Stored items

- Opening Delimiter -

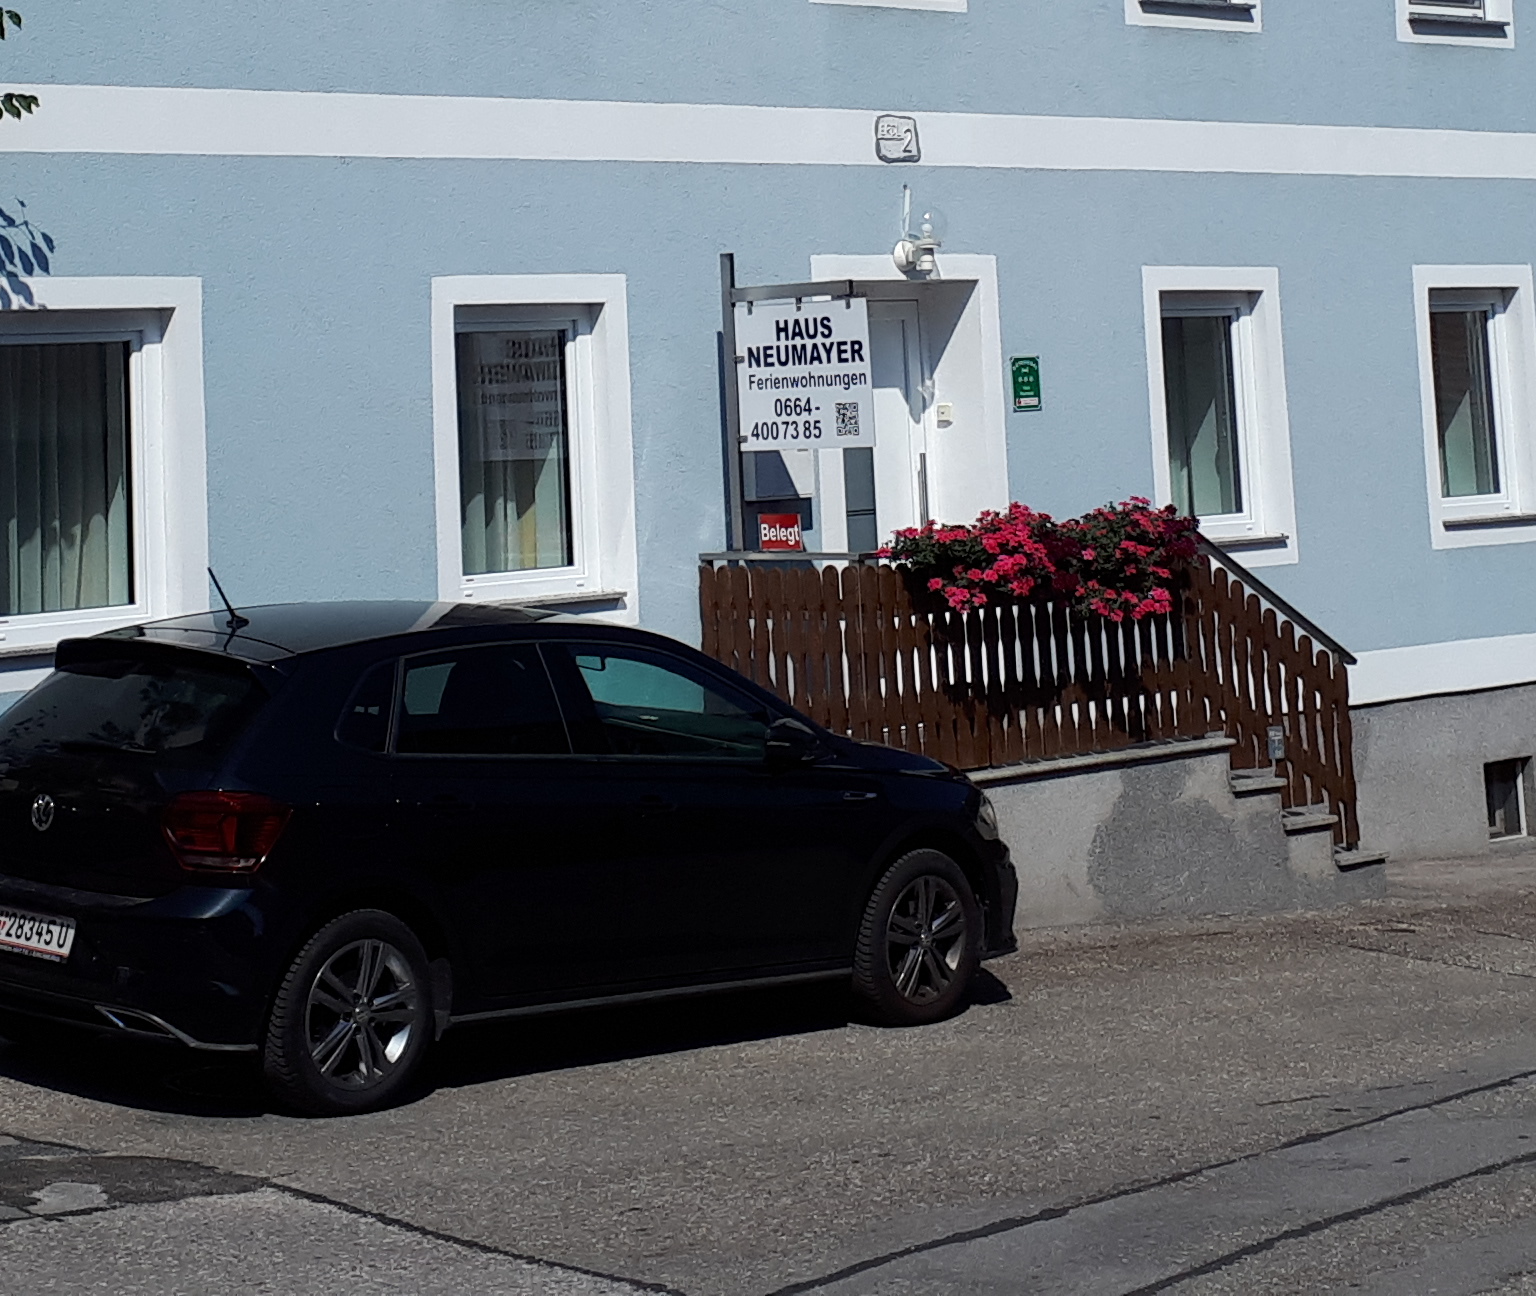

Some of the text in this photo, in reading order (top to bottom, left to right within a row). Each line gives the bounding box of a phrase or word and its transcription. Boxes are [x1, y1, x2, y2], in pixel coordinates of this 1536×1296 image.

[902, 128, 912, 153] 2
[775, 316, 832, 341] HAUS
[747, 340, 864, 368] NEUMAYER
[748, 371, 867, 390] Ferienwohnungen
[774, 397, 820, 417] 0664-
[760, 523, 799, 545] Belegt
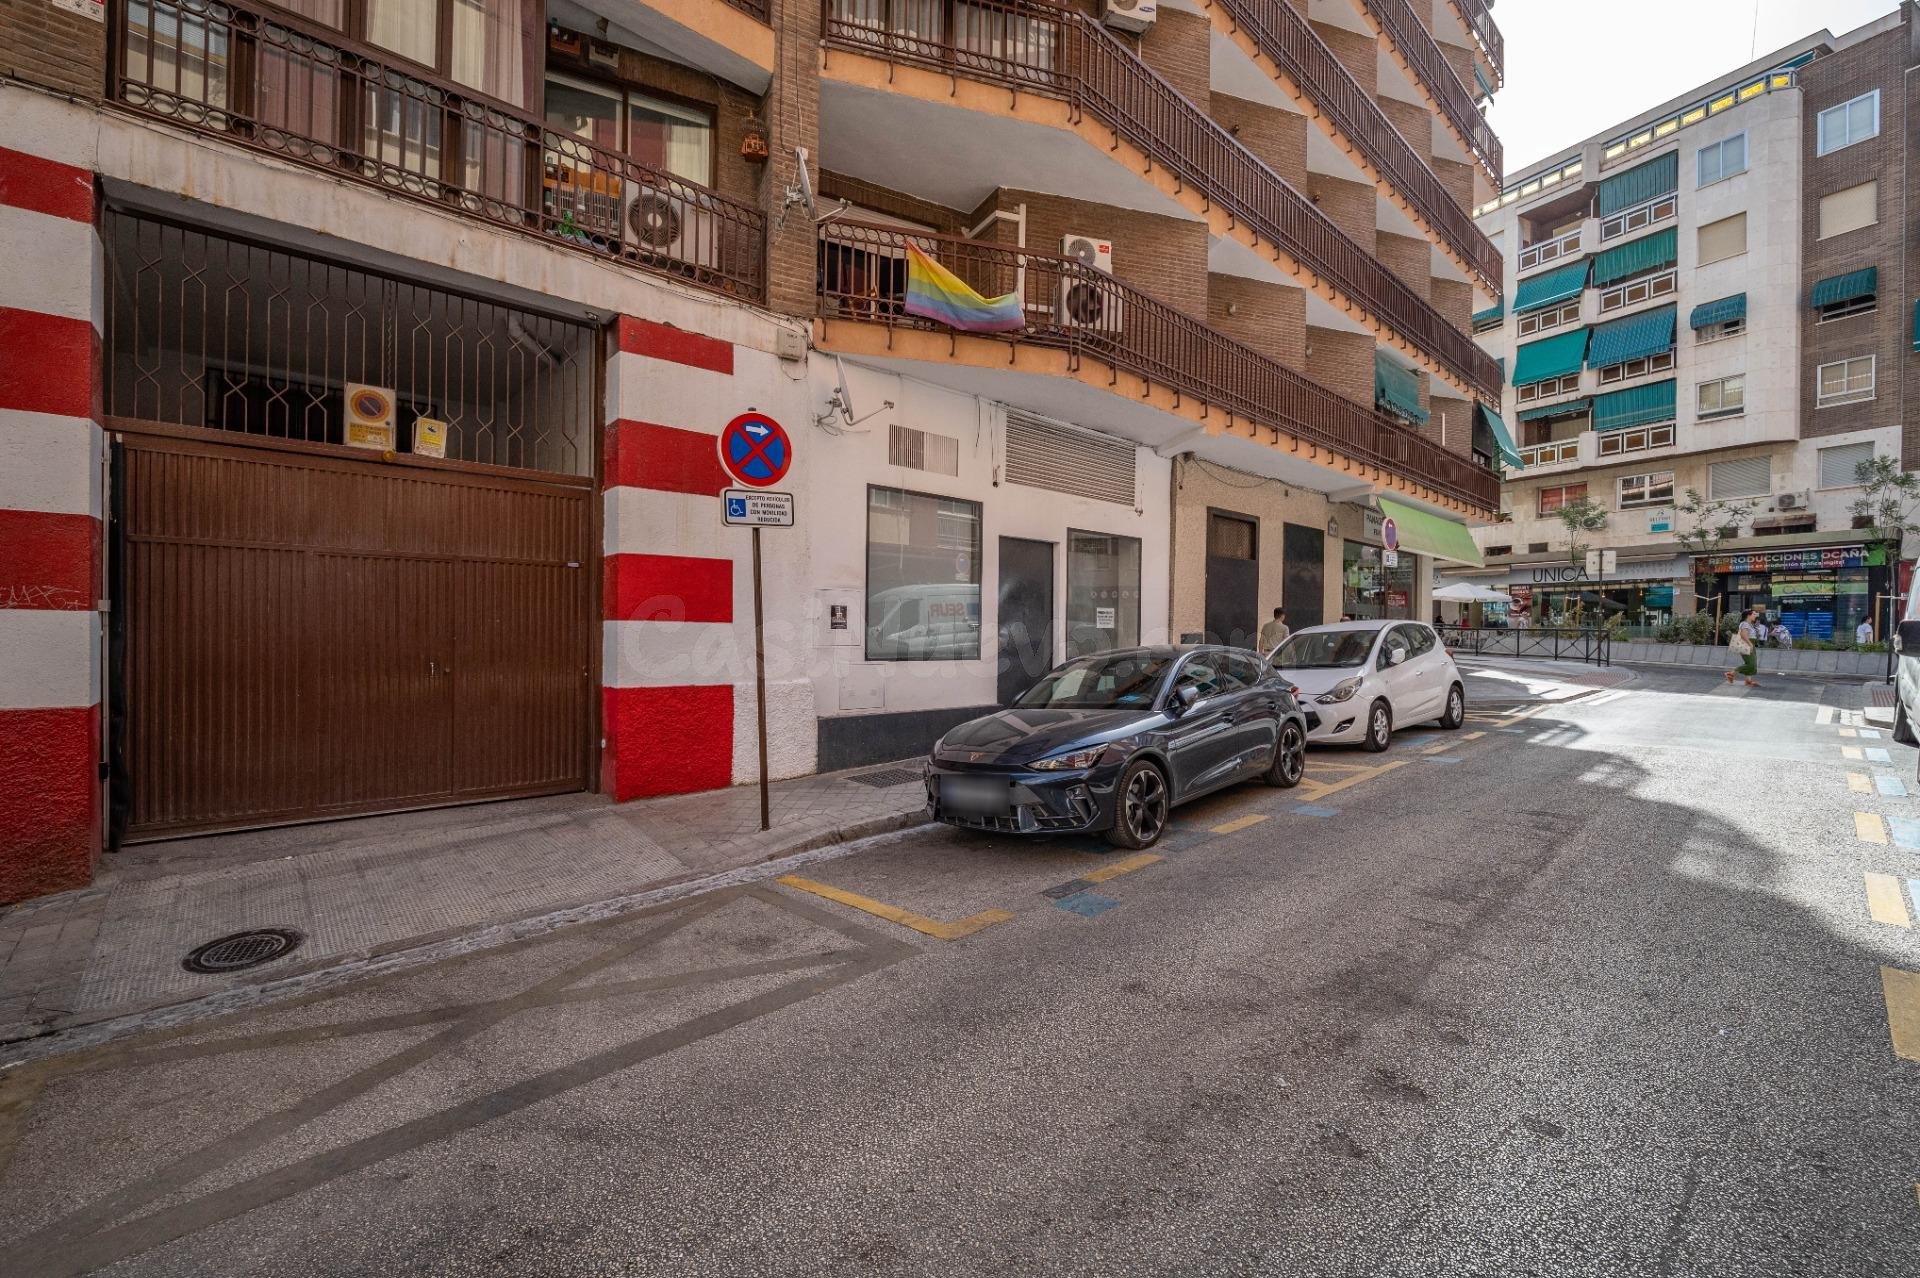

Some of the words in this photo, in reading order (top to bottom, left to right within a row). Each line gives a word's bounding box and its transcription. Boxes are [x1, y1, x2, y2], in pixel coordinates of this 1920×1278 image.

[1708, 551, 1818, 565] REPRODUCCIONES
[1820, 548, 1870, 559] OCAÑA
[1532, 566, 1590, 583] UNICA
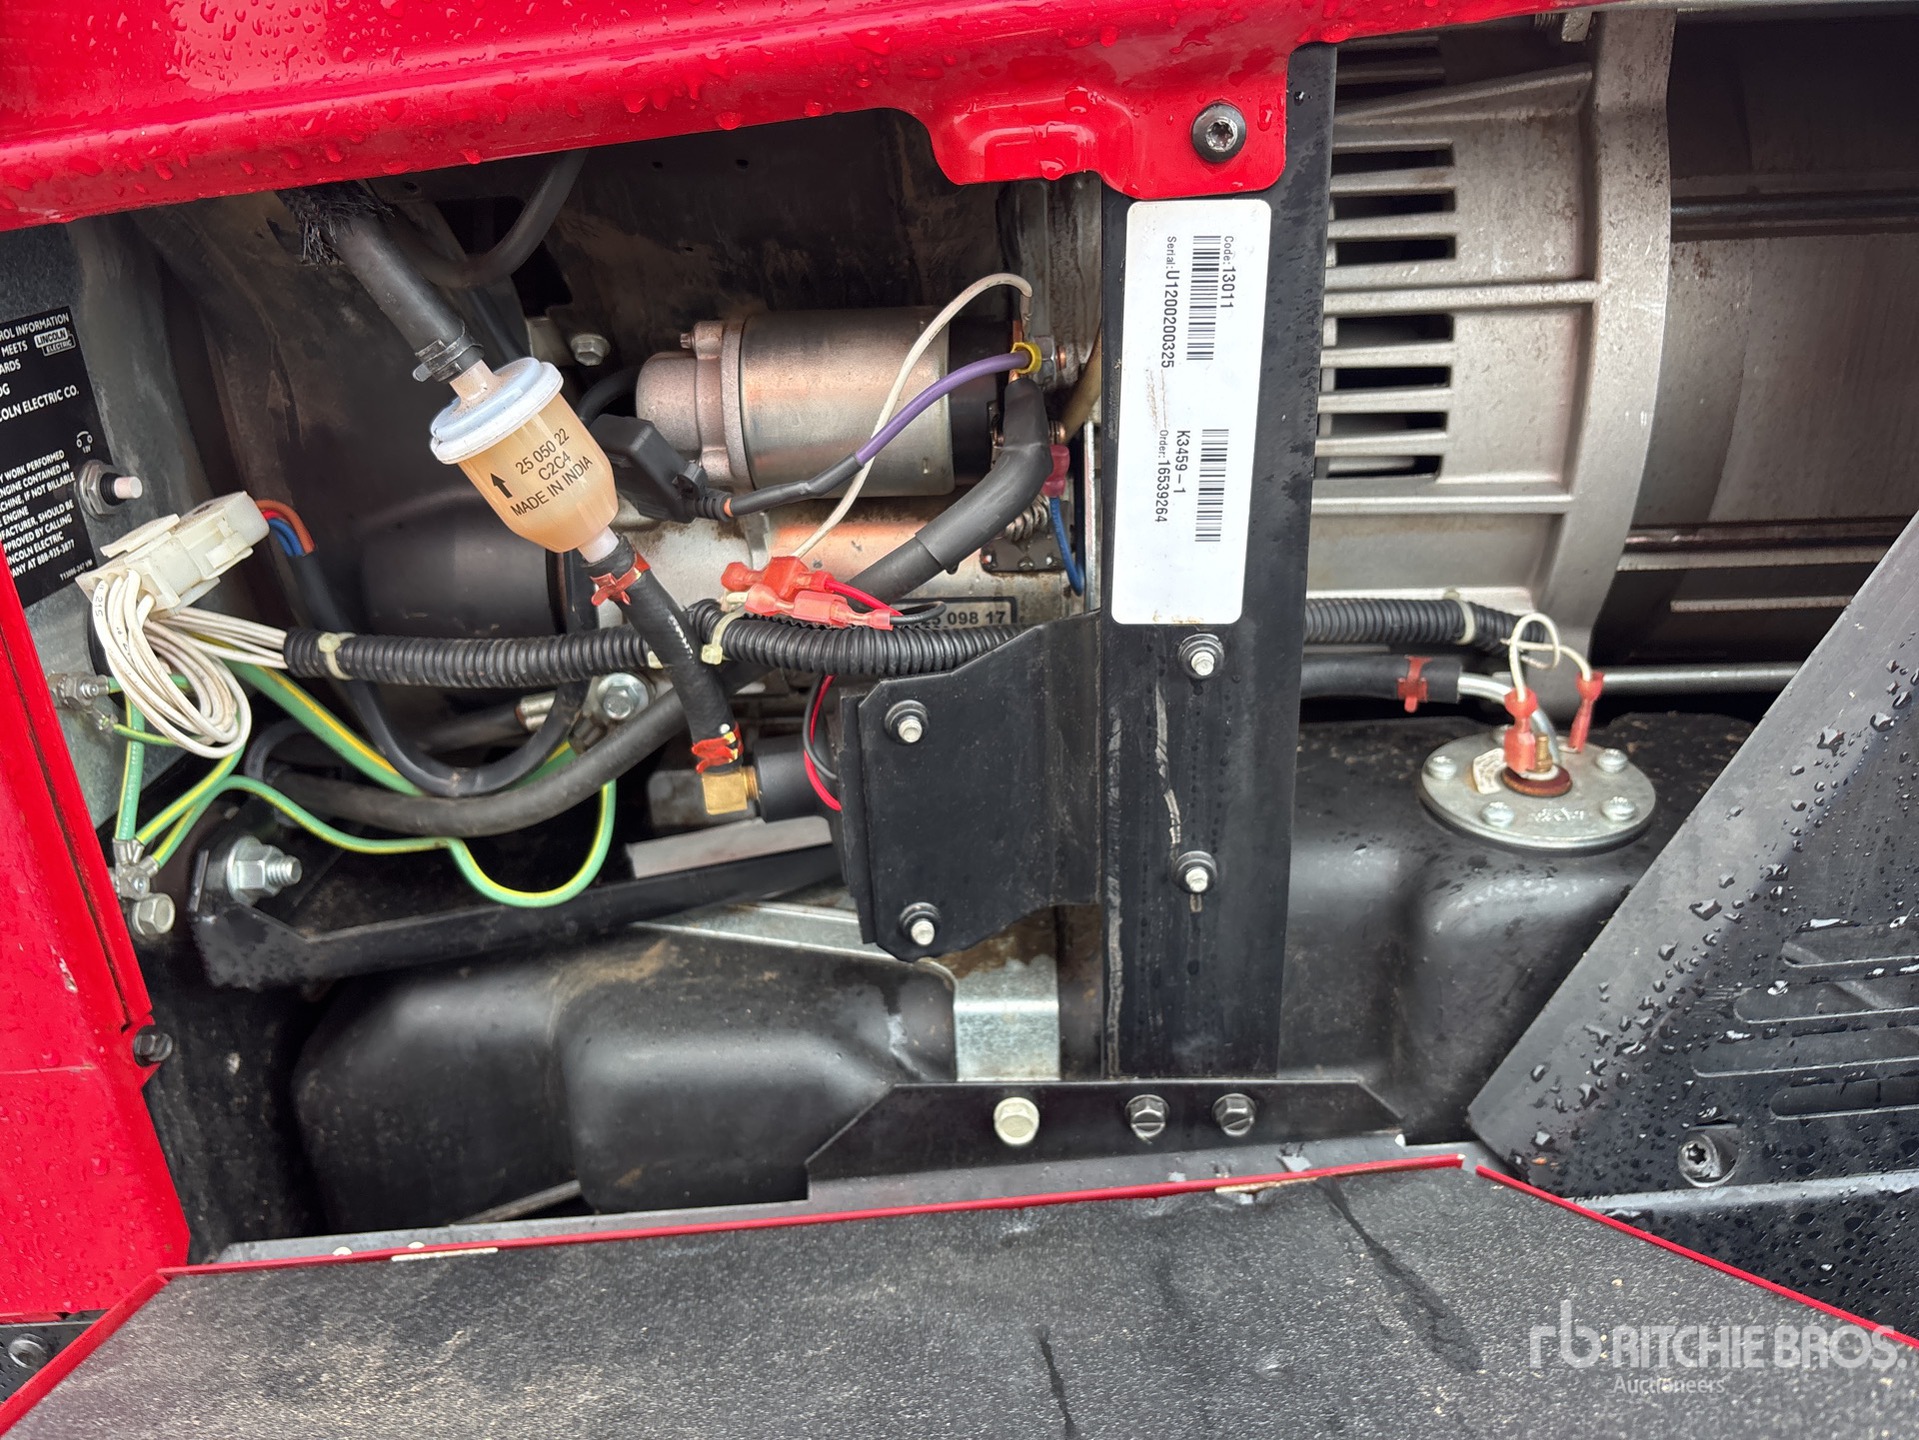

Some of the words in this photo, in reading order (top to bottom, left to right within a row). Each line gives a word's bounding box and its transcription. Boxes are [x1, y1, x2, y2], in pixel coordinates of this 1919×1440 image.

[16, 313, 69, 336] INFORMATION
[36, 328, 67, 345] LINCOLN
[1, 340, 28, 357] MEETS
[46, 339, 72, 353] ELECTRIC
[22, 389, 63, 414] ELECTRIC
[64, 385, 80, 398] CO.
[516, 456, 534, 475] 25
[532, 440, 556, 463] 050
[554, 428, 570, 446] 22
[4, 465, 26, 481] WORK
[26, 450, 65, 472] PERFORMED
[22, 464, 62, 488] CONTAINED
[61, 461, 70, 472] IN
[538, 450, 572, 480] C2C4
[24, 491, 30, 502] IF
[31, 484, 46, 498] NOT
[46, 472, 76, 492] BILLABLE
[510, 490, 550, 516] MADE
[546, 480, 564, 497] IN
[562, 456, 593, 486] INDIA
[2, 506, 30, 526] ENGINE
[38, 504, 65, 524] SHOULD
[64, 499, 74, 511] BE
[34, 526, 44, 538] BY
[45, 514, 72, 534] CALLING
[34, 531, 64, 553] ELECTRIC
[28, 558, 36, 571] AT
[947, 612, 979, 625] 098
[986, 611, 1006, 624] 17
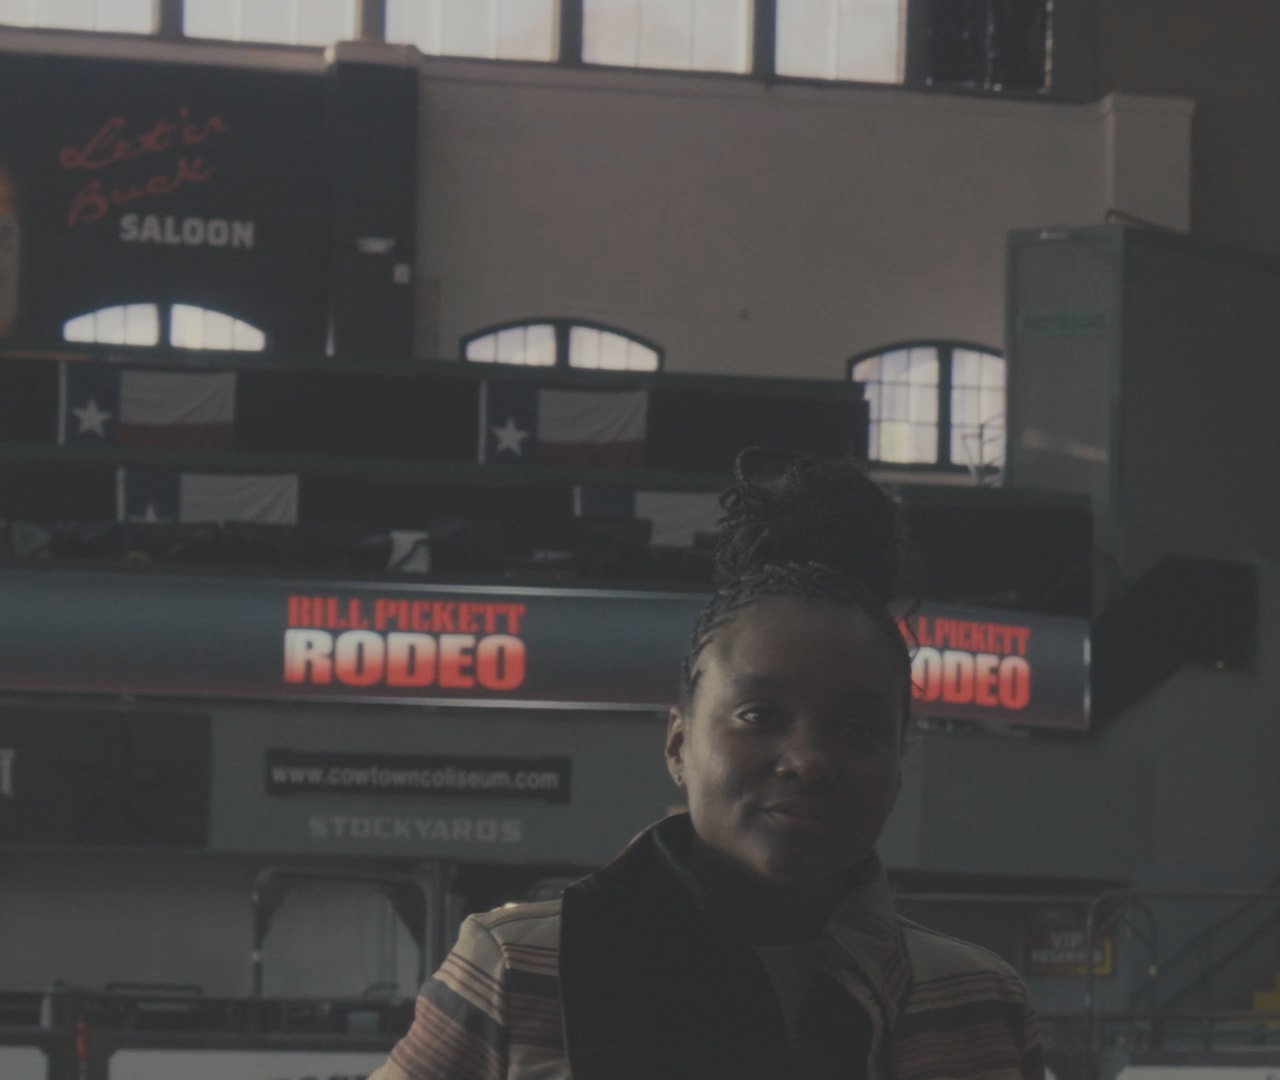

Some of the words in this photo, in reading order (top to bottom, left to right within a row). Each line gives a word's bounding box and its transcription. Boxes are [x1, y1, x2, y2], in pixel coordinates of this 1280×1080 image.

- Closing Delimiter -

**PROMPT**
All entries above are to be reproduced exactly, with no pictures.

**FINISHED EXERCISE**
Some of the text in this photo, in reading order (top to bottom, left to right within a row). Each line gives the bounding box of a phrase or word and its transcription. Boxes are [x1, y1, x2, y2], in pixel coordinates of this 1536×1296 image.

[902, 128, 912, 153] 2
[775, 316, 832, 341] HAUS
[747, 340, 864, 368] NEUMAYER
[748, 371, 867, 390] Ferienwohnungen
[774, 397, 820, 417] 0664-
[760, 523, 799, 545] Belegt

Some of the words in this photo, in reading order (top to bottom, left to right within a row). Each line gives a word's bounding box and its transcription. Boxes are [x1, y1, x2, y2], in pixel coordinates of this 1920×1278 image.

[1708, 551, 1818, 565] REPRODUCCIONES
[1820, 548, 1870, 559] OCAÑA
[1532, 566, 1590, 583] UNICA

Some of the words in this photo, in reading order (top to bottom, left to right within a row). Each line gives a word's bounding box and its transcription. Boxes are [x1, y1, x2, y2], in pixel coordinates of this 1919×1440 image.

[16, 313, 69, 336] INFORMATION
[36, 328, 67, 345] LINCOLN
[1, 340, 28, 357] MEETS
[46, 339, 72, 353] ELECTRIC
[22, 389, 63, 414] ELECTRIC
[64, 385, 80, 398] CO.
[516, 456, 534, 475] 25
[532, 440, 556, 463] 050
[554, 428, 570, 446] 22
[4, 465, 26, 481] WORK
[26, 450, 65, 472] PERFORMED
[22, 464, 62, 488] CONTAINED
[61, 461, 70, 472] IN
[538, 450, 572, 480] C2C4
[24, 491, 30, 502] IF
[31, 484, 46, 498] NOT
[46, 472, 76, 492] BILLABLE
[510, 490, 550, 516] MADE
[546, 480, 564, 497] IN
[562, 456, 593, 486] INDIA
[2, 506, 30, 526] ENGINE
[38, 504, 65, 524] SHOULD
[64, 499, 74, 511] BE
[34, 526, 44, 538] BY
[45, 514, 72, 534] CALLING
[34, 531, 64, 553] ELECTRIC
[28, 558, 36, 571] AT
[947, 612, 979, 625] 098
[986, 611, 1006, 624] 17

Some of the words in this photo, in reading order (top to bottom, left to right within a row). Each line gives a word's bounding box and its transcription. Boxes are [x1, y1, x2, y2], in pixel coordinates of this 1280×1080 image.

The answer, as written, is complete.